O dado, apurado pelo economista Bruno Imaizumi, da LCA 4intelligence, mostra que 37,9% das saídas em janeiro deste ano foram voluntárias. Em 2020, esse índice era de 24%. Trata-se de um novo recorde.
O fenômeno indica uma ruptura silenciosa com a lógica tradicional do emprego formal. De acordo com o levantamento, o desejo por autonomia, flexibilidade de horários e melhor qualidade de vida são os principais motores da mudança.
E os que mais pedem para sair são jovens, mulheres e trabalhadores do comércio, grupos que, historicamente, enfrentam ambientes de trabalho com maior pressão e menos flexibilidade.
Setores com jornadas longas sentem os efeitos
Empresas de setores como construção civil, alimentação e varejo têm encontrado dificuldades em reter profissionais. A razão é clara: jornadas extensas, escalas 6×1, trabalho aos fins de semana e remunerações pouco atrativas deixaram de ser toleradas por boa parte da força de trabalho.
Em paralelo, cresce o número de microempreendedores individuais (MEIs) no país, refletindo o avanço de atividades autônomas e digitais.
A nova configuração do trabalho no Brasil dá sinais de que o modelo tradicional, com horários rígidos, presença física obrigatória e estruturas hierárquicas inflexíveis, está perdendo espaço para modelos híbridos, remotos e empreendedores.
De escritório para o home office (e além dele)
A advogada Isadora Teixeira, de 26 anos, é um exemplo dessa transformação. Ela deixou um emprego fixo e bem remunerado em um escritório para atuar como designer de branding.
Hoje, trabalha de casa, tem mais tempo para lazer e já superou a renda que recebia com carteira assinada.
A mudança também é visível nos dados por faixa etária e nível de escolaridade.

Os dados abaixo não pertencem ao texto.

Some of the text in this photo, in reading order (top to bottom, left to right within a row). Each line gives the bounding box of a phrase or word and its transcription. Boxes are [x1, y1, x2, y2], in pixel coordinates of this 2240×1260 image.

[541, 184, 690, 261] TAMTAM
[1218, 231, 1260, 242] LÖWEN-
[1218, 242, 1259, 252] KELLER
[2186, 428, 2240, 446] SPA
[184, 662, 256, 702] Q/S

Entre os trabalhadores com ensino superior, 45% dos desligamentos são voluntários.
Entre os jovens de 17 a 24 anos, o índice é de 42%. Para muitos, a estabilidade oferecida pela CLT perdeu valor frente a novos modelos que oferecem mais controle sobre a própria vida.
Empreender virou alternativa viável
Beatriz Guimarães, professora, deixou um curso de idiomas após 13 anos para criar sua própria escola de inglês online. Hoje, com 96 alunos e renda até dez vezes maior que seu antigo salário, ela emprega parentes e conquistou uma nova estabilidade, agora, sob seus próprios termos.

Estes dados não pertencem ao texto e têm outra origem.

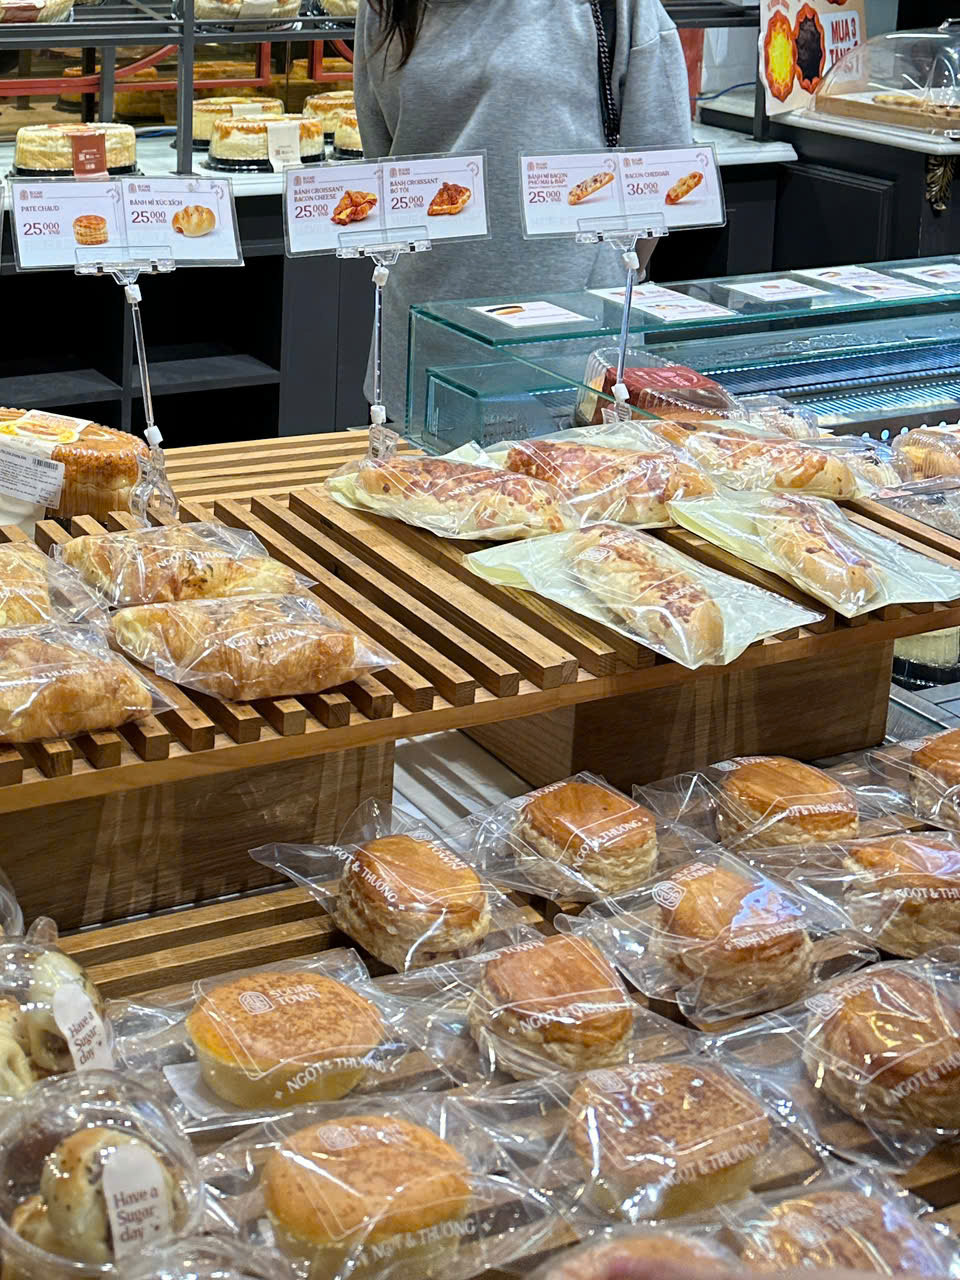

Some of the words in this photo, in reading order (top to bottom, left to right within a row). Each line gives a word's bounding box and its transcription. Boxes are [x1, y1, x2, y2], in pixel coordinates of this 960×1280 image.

[131, 210, 166, 224] 25.000
[23, 222, 60, 236] 25.000
[68, 1020, 89, 1039] Have
[73, 1024, 97, 1053] Sugar
[79, 1047, 96, 1066] day
[113, 1190, 147, 1209] Have
[117, 1206, 156, 1227] Sugar
[120, 1225, 145, 1245] day
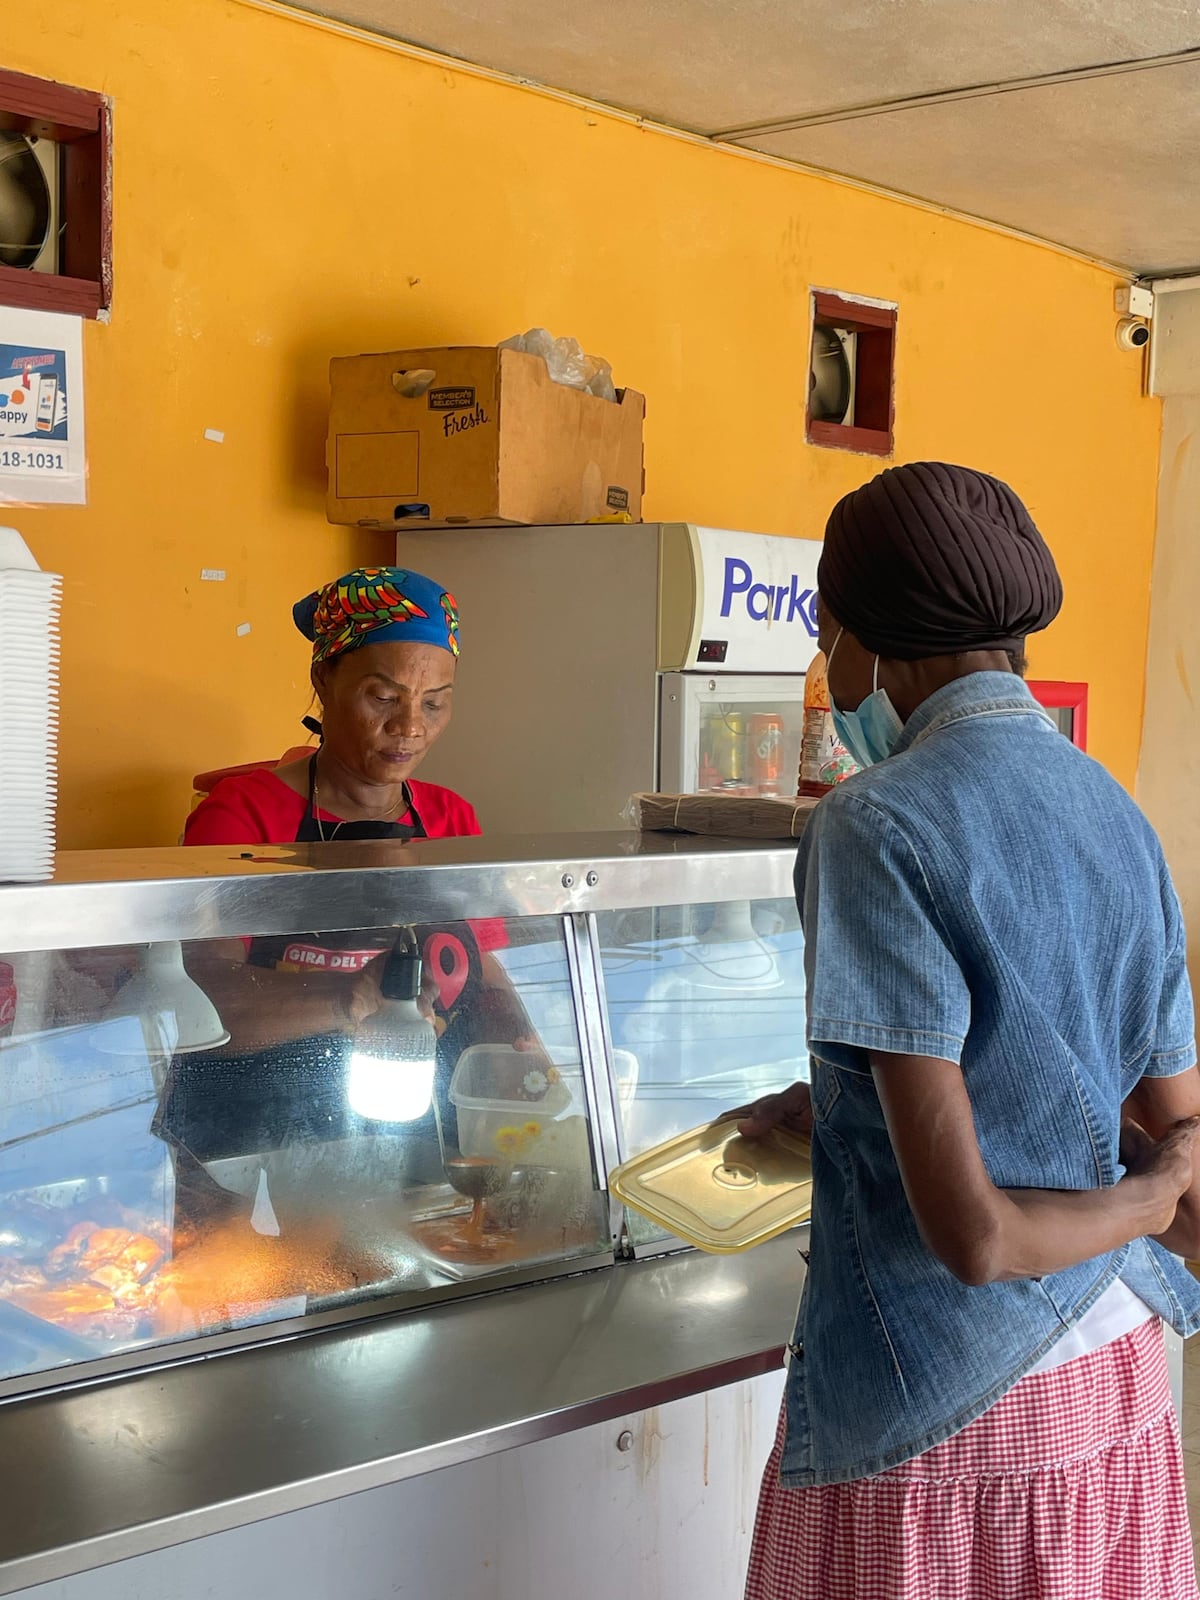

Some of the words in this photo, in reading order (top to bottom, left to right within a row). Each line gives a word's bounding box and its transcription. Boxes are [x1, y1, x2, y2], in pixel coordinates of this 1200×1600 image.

[442, 402, 488, 437] Fresh
[288, 949, 326, 966] GIRA
[329, 956, 357, 968] DEL

Para o sociólogo Tiago Magaldi, da UFRJ, a decisão de sair do emprego formal é, muitas vezes, racional.
“Empregos mal remunerados, jornadas exaustivas e chefes tóxicos não compensam os benefícios da carteira assinada. É uma leitura pragmática da realidade”, afirma.
A internet tem desempenhado papel central nessa virada. Clara Marques, mentora de negócios digitais, afirma que nunca foi tão fácil empreender.
“Você pode começar com o celular. Existem plataformas para vender qualquer serviço. A pandemia acelerou esse movimento”, explica.
Menos controle, mais propósito
Para especialistas, a tendência é estrutural. O aumento das demissões voluntárias sinaliza que o trabalhador brasileiro está reavaliando suas prioridades.
Horários rígidos e ambientes autoritários têm perdido espaço para formatos mais humanos, mesmo com menos garantias.
A CLT já não exerce o mesmo poder de atração de outras décadas. Entre a instabilidade do empreendedorismo e a rigidez do emprego formal, uma parcela crescente da população está optando por liberdade, propósito e bem-estar.